In this pediatric cohort, outcomes were generally favorable, yet risk was heterogeneous across age and etiologies. Pneumonia predominated, while urinary tract infections increased with age; Escherichia coli and Klebsiella species were the leading isolates, with a non-negligible methicillin-resistant Staphylococcus aureus signal. Clinical presentation and pathogen complexity carried prognostic weight: dyspnea at admission and diagnosis-specific patterns (e.g., pneumonia, gastroenteritis) aligned with longer length of stay, and mixed E. coli + Klebsiella infections were associated with prolonged hospitalization. A simple composite score integrating age, presentation, and microbiology stratified children into distinct risk categories, outperforming single variables.
These findings support age-aware, multifactorial assessment at admission, with early culture acquisition, stewardship-aligned empiric therapy, and timely de-escalation once susceptibilities are available. Implementation and external validation of the composite score, ideally in multicenter cohorts, are warranted to confirm transportability and clinical utility.
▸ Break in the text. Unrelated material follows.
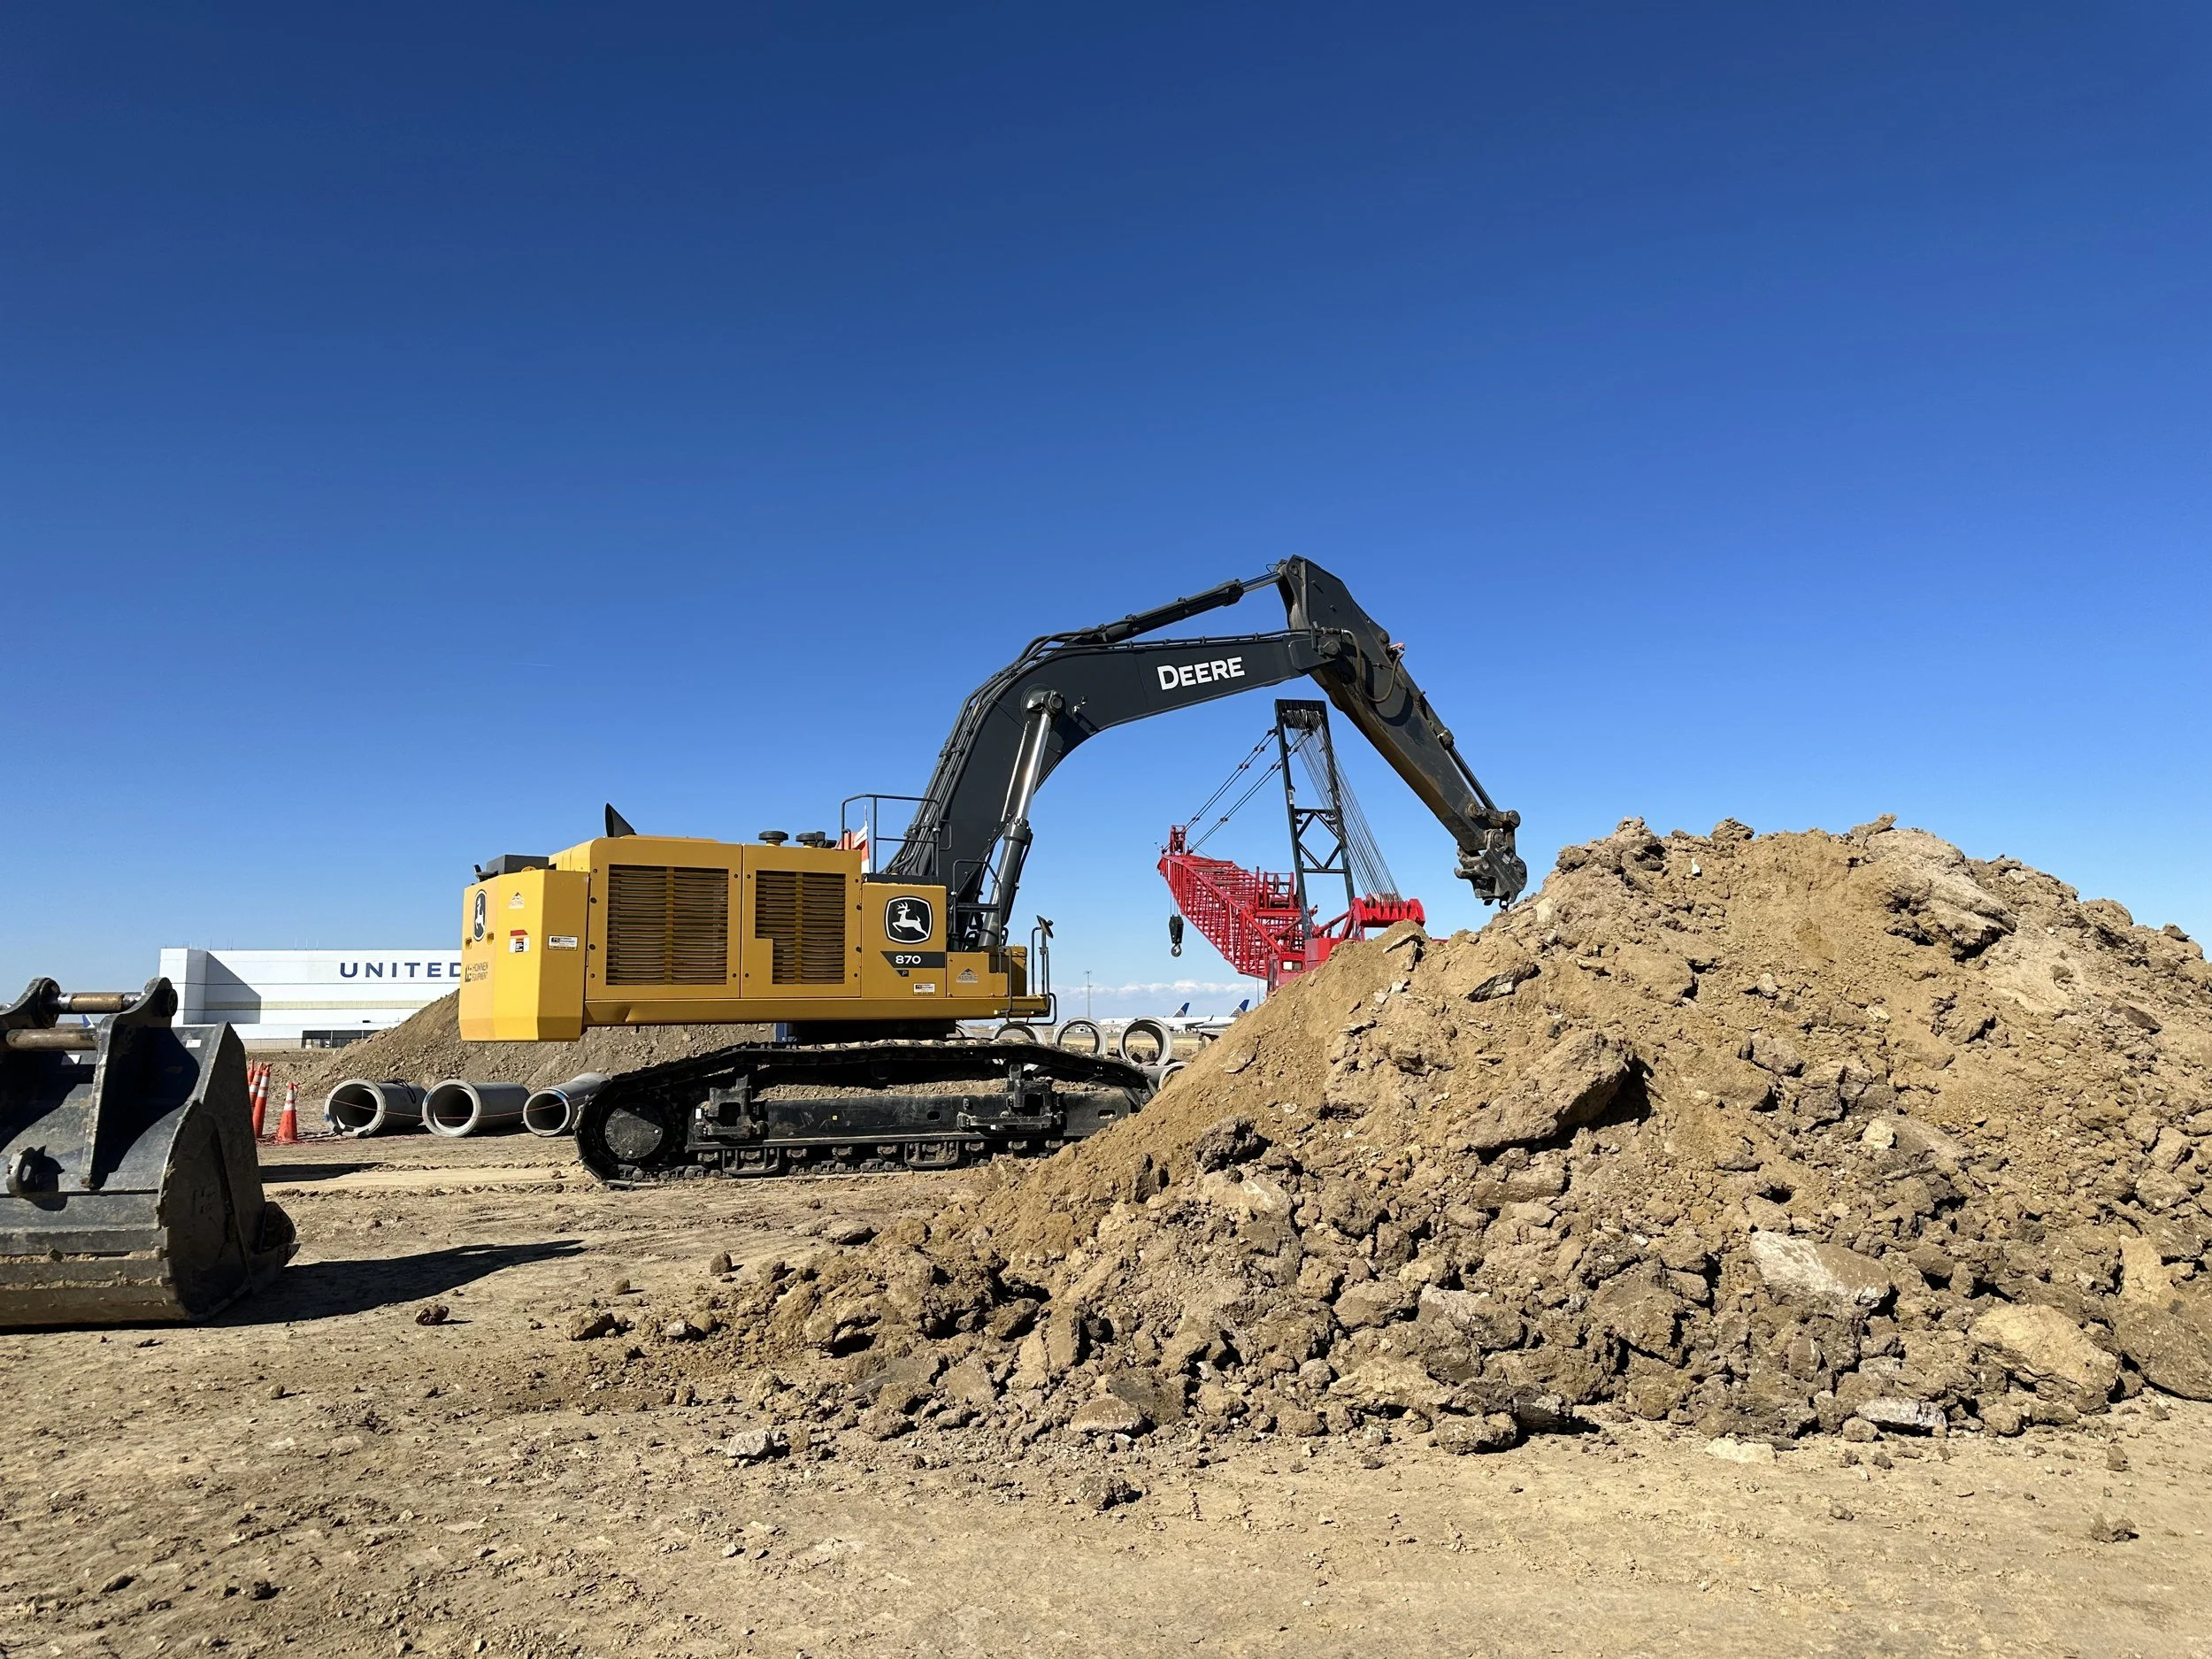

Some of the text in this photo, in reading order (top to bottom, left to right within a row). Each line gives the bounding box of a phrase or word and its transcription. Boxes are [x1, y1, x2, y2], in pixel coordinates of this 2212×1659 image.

[1156, 657, 1246, 690] DEERE
[895, 955, 921, 964] 870
[340, 962, 461, 978] UNITED
Embedding structured risk stratification within routine care may improve targeting of monitoring and antimicrobial use, thereby optimizing outcomes and resource utilization in pediatric infectious-disease admissions.

Author Contributions

Conceptualization, C.E.S., R.M.V. and S.G.; Methodology, R.M.V., E.C.B. and V.R.; Validation, C.E.S., S.G. and I.D.P.; Formal analysis, V.R., C.P. and S.C.; Investigation, R.M.V., C.P. and C.C.A.; Resources, C.E.S., C.P. and E.C.B.; Data curation, S.G., V.R. and I.D.P.; Writing—original draft preparation, R.M.V., C.P. and S.G.; Writing—review and editing, C.E.S., R.M.V. and V.R.; Visualization, V.R., C.P. and C.C.A.; Supervision, C.E.S., S.G. and S.C.; Project administration, R.M.V., C.E.S. and E.C.B.; Funding acquisition, S.G., C.P. and V.R. All authors have read and agreed to the published version of the manuscript.

Funding

This research received no external funding.

Institutional Review Board Statement

The study was conducted by the Declaration of Helsinki and approved by the Institutional Ethics Committee) of the Emergency County Clinical Hospital of Craiova, Romania (Approval no. 12.344/2025, approved on 9 January 2025).

Data Availability Statement

Data are contained within the article.

Acknowledgments

There was no support received (administrative and technical support, or donations in kind) to realize the study.

Conflicts of Interest

The authors declare no conflicts of interest.